__Brief__
The answer must reproduce all of the data below exactly and contain no images.

__Supplied information__
______________________________

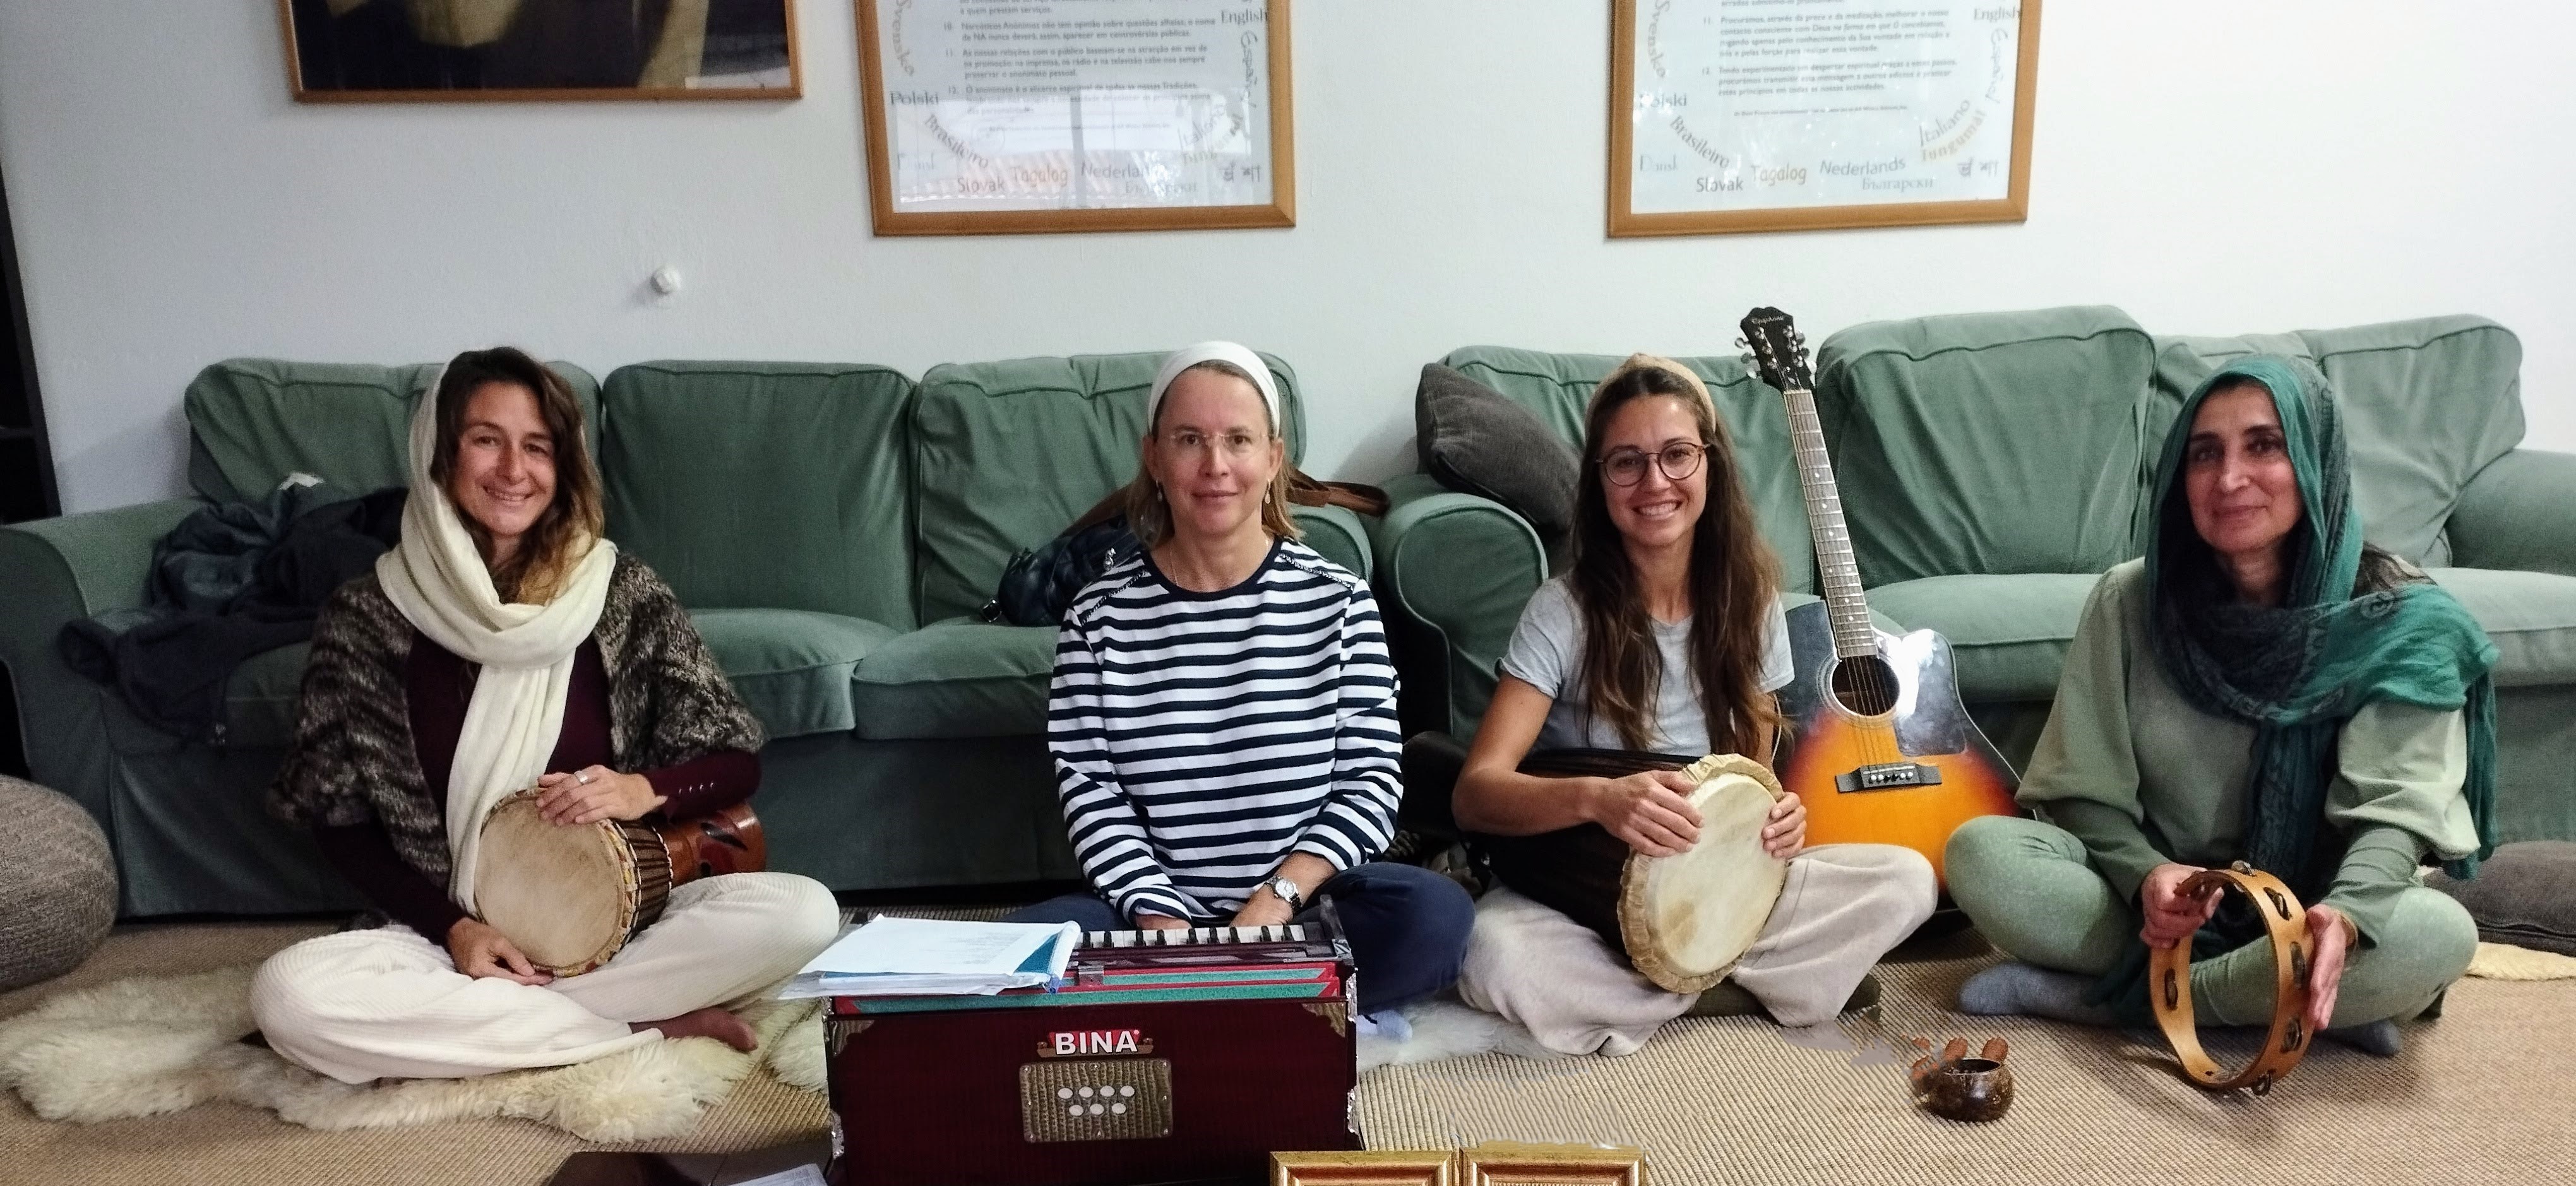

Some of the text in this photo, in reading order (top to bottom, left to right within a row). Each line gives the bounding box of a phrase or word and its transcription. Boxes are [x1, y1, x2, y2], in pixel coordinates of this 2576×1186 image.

[1221, 8, 1268, 25] English
[890, 91, 939, 106] Polski
[1670, 115, 1729, 169] Brasileiro
[1011, 165, 1069, 187] Tagalog
[1750, 162, 1807, 187] Tagalog
[1820, 157, 1906, 177] Nederlands
[957, 177, 1006, 193] Slovak
[1696, 176, 1744, 193] Slovak
[1055, 1031, 1138, 1055] BINA

______________________________

__Result of the exercise__
Some of the text in this photo, in reading order (top to bottom, left to right within a row). Each line gives the bounding box of a phrase or word and its transcription. Boxes are [x1, y1, x2, y2], in pixel coordinates of this 2576×1186 image.

[1221, 8, 1268, 25] English
[890, 91, 939, 106] Polski
[1670, 115, 1729, 169] Brasileiro
[1011, 165, 1069, 187] Tagalog
[1750, 162, 1807, 187] Tagalog
[1820, 157, 1906, 177] Nederlands
[957, 177, 1006, 193] Slovak
[1696, 176, 1744, 193] Slovak
[1055, 1031, 1138, 1055] BINA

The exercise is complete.